The ski jumping venue, commonly referred to as a hill, consists of the jumping ramp (in-run), take-off table, and landing hill. Each jump is evaluated according to the distance travelled and the style performed. The distance score is related to the construction point (also known as the K-point), which is a line drawn in the landing area and serves as a “target” for the competitors to reach. The score of each judge evaluating the style can reach a maximum of 20 points. The jumping technique has evolved over the years, from jumps with parallel skis with both arms pointing forwards, to the “V-style“, which is widely used today.
Ski jumping has been included at the Winter Olympics since 1924 and at the FIS Nordic World Ski Championships since 1925. Women’s participation in the sport began in the 1990s, while the first women’s event at the Olympics has been held in 2014.
Women’s participation
In January 1863 in Trysil, Norway, at that time 16 years old Norwegian Ingrid Olsdatter Vestby, became the first-ever known female ski jumper, who participated in the competition. Her distance is not recorded.
Women began competing at the high level during the 2004/5 Continental Cup season. International Ski Federation organized three women’s team events in this competition and so far the only team events in the history of women’s ski jumping.
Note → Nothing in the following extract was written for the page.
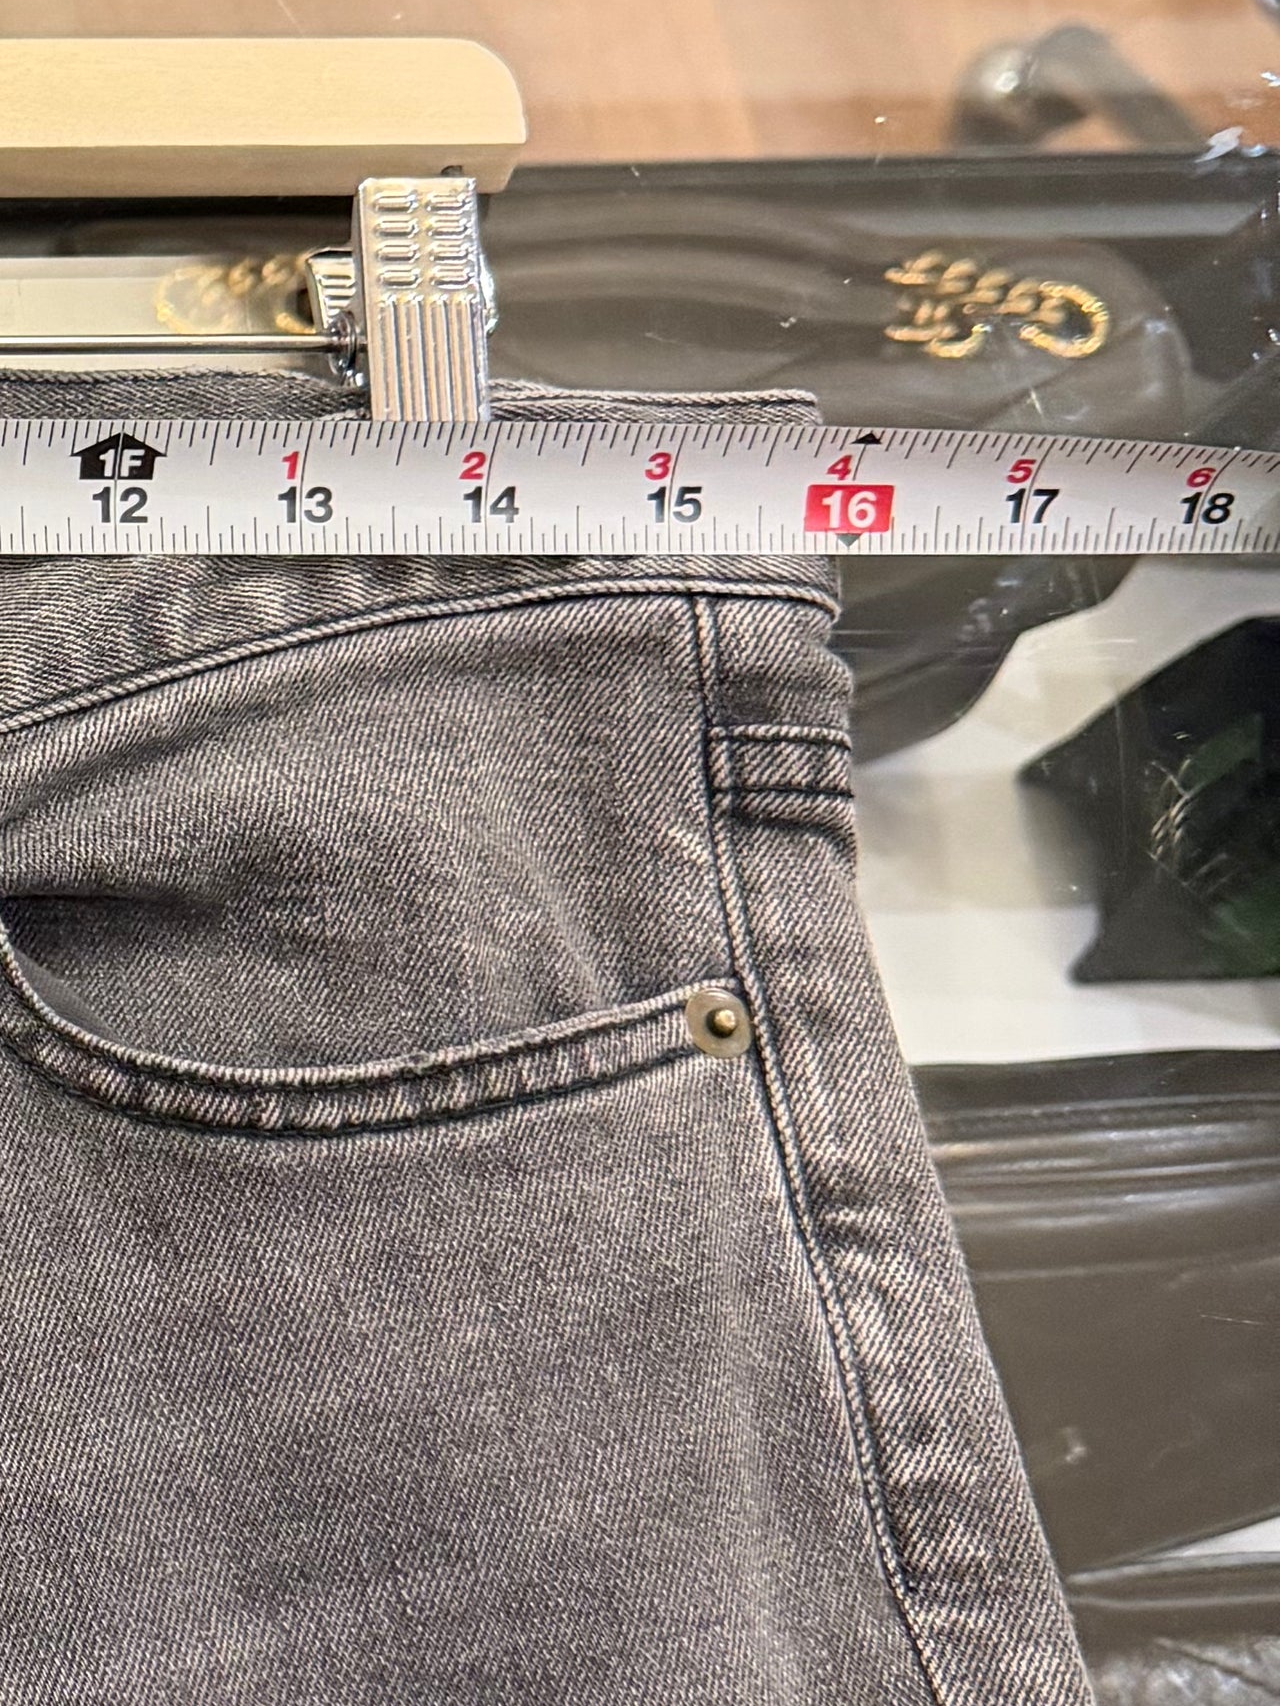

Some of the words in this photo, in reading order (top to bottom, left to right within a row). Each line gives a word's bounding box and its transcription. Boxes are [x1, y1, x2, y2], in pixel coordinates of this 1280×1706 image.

Women’s made a premiere FIS Nordic World Ski Championships performance in 2009 in Liberec. The first world champion became American ski jumper Lindsey Van.
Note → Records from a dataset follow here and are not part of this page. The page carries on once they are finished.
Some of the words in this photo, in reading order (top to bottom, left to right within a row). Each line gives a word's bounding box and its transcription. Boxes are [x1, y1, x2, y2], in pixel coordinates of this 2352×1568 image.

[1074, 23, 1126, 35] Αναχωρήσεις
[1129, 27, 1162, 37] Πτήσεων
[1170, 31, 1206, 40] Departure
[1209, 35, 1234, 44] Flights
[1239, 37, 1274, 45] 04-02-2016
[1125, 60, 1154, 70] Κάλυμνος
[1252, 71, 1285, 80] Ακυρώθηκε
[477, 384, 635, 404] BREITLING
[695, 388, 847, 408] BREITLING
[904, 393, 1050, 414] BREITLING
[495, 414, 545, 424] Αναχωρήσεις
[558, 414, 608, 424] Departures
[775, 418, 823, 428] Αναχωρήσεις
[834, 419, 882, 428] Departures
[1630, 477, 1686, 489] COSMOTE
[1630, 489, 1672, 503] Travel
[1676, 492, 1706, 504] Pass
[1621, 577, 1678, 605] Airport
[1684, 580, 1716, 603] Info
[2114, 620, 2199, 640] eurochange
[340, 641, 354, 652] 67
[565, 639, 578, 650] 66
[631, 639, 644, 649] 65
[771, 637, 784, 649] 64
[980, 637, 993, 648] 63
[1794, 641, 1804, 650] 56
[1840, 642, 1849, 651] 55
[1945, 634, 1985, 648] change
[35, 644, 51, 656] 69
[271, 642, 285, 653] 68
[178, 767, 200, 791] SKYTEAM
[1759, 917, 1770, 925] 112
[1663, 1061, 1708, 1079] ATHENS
In the 2011–12 season, women competed for the first time in the World Cup. The first event was held on 3 December 2011 at Lysgårdsbakken at the normal hill in Lillehammer, Norway. The first-ever female World Cup winner was Sarah Hendrickson, who also became the inaugural women’s World Cup overall champion. Previously, women had only competed in Continental Cup seasons.
In 2006, the International Ski Federation proposed that women could compete at the 2010 Winter Olympics, but the proposal was rejected by the IOC because of the low number of women athletes and participating countries at the time.
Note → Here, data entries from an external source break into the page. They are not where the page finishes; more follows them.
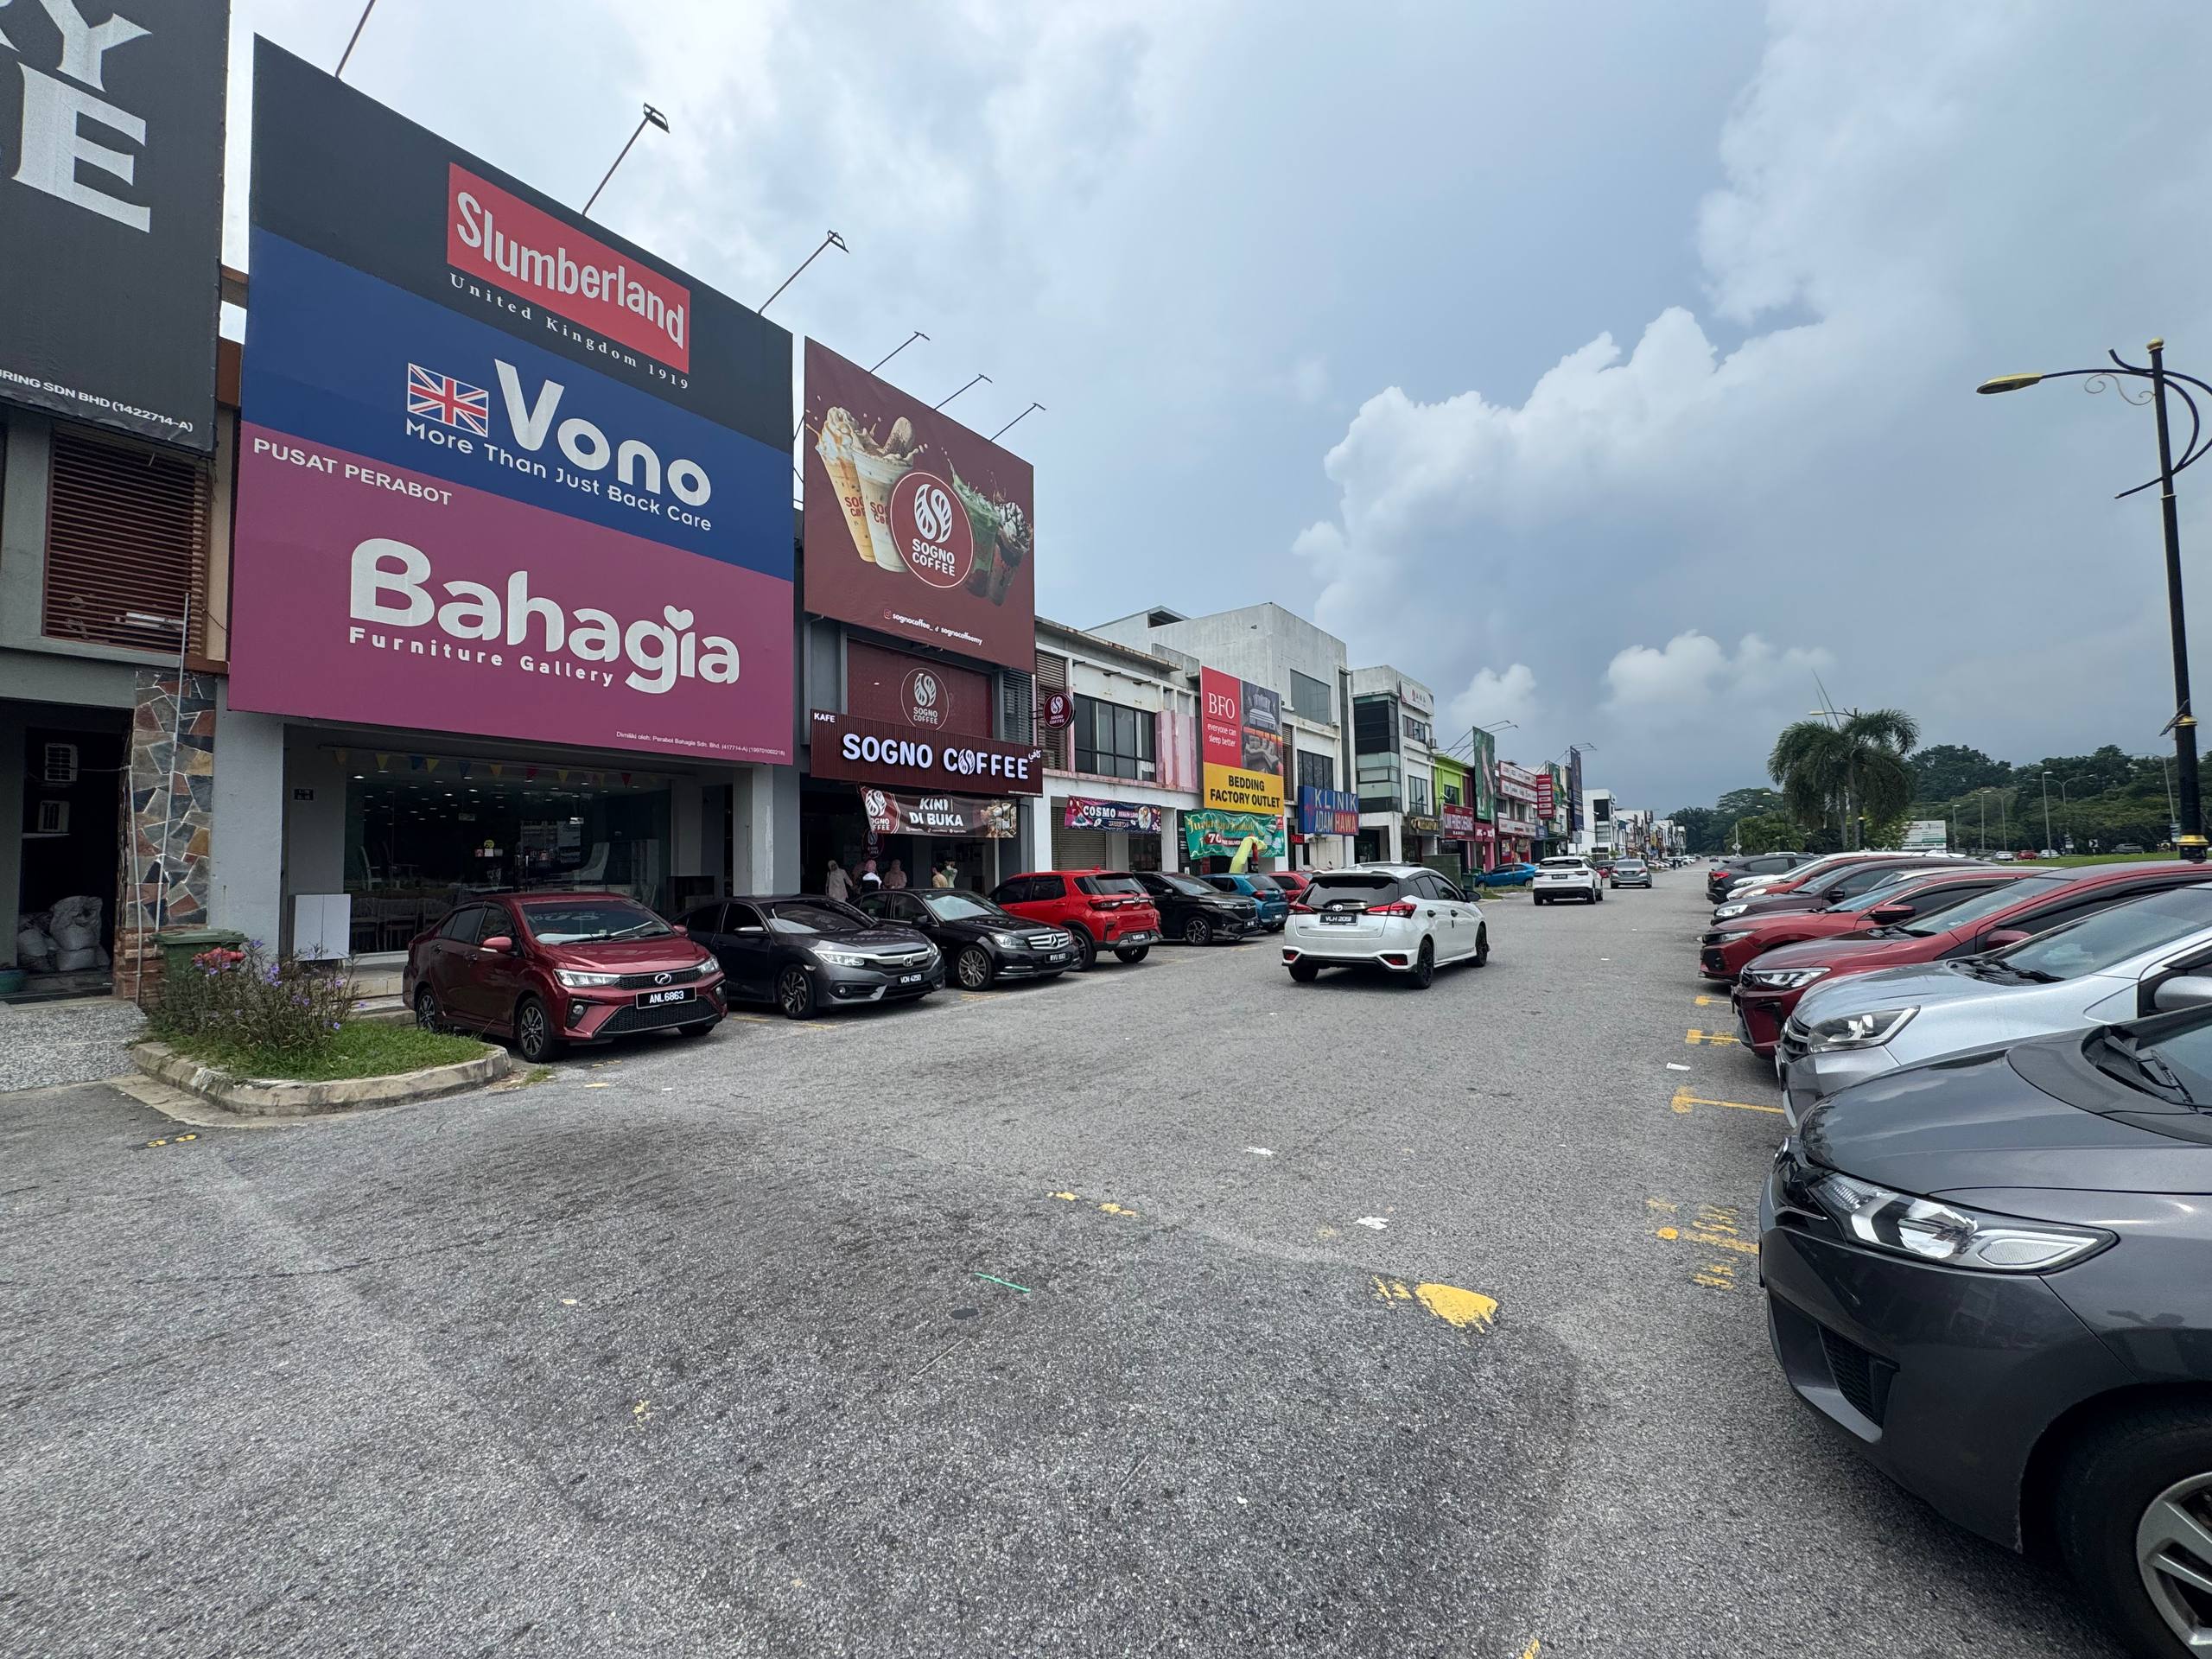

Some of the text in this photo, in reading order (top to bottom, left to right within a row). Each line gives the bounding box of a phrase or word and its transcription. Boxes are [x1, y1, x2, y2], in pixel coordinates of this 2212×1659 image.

[456, 192, 683, 349] Slumberland
[450, 274, 689, 390] United Kingdom 1919
[43, 383, 76, 398] SDN
[79, 392, 110, 408] BHD
[112, 401, 193, 432] (1422714-A)
[494, 359, 712, 506] Vono
[253, 437, 453, 506] PUSAT PERABOT
[407, 418, 712, 531] More Than Just Back Care
[912, 538, 955, 564] SOGNO
[912, 552, 956, 577] COFFEE
[350, 538, 740, 694] Bahagia
[349, 627, 614, 688] Furniture Gallery
[913, 707, 938, 718] SOGNO
[1208, 692, 1235, 719] BFO
[814, 712, 836, 723] KAFE
[913, 715, 938, 725] COFFEE
[1207, 723, 1228, 734] everyone
[842, 734, 933, 768] SOGNO
[1222, 737, 1236, 747] better
[1229, 775, 1265, 791] BEDDING
[919, 798, 949, 810] KINI
[1210, 789, 1280, 808] FACTORY OUTLET
[1314, 789, 1357, 811] KLINIK
[909, 811, 964, 827] DI BUKA
[1083, 805, 1116, 818] COSMO
[1314, 810, 1357, 833] ADAM HAWA
[650, 990, 683, 1003] ANL 6863
A group of fifteen competitive female ski jumpers later filed a suit against the Vancouver Organizing Committee for the 2010 Olympic and Paralympic Winter Games on the grounds that it violated the Canadian Charter of Rights and Freedoms since men were competing. The suit failed, with the judge ruling that the situation was not governed by the charter.
2014: Olympic Games
A further milestone was reached when women’s ski jumping was included as part of the 2014 Winter Olympics at a normal hill event. The first Olympic champion was Carina Vogt.
The Safety and Injuries:
Ski jumping is a combination of ski jumping and many hours of dry-land training. This requires both technical skills and core strength of the athlete, and both cute and overuse injuries are common. Ski jumping athletes are vulnerable to both acute injuries and overuse injuries. Acute injuries often occur from falls after a jump. Typical acute injuries are knee ligament injuries and concussions, which can happen in Nordic combined as well. These can be quite serious, and the athlete may have to take a long break from the sport.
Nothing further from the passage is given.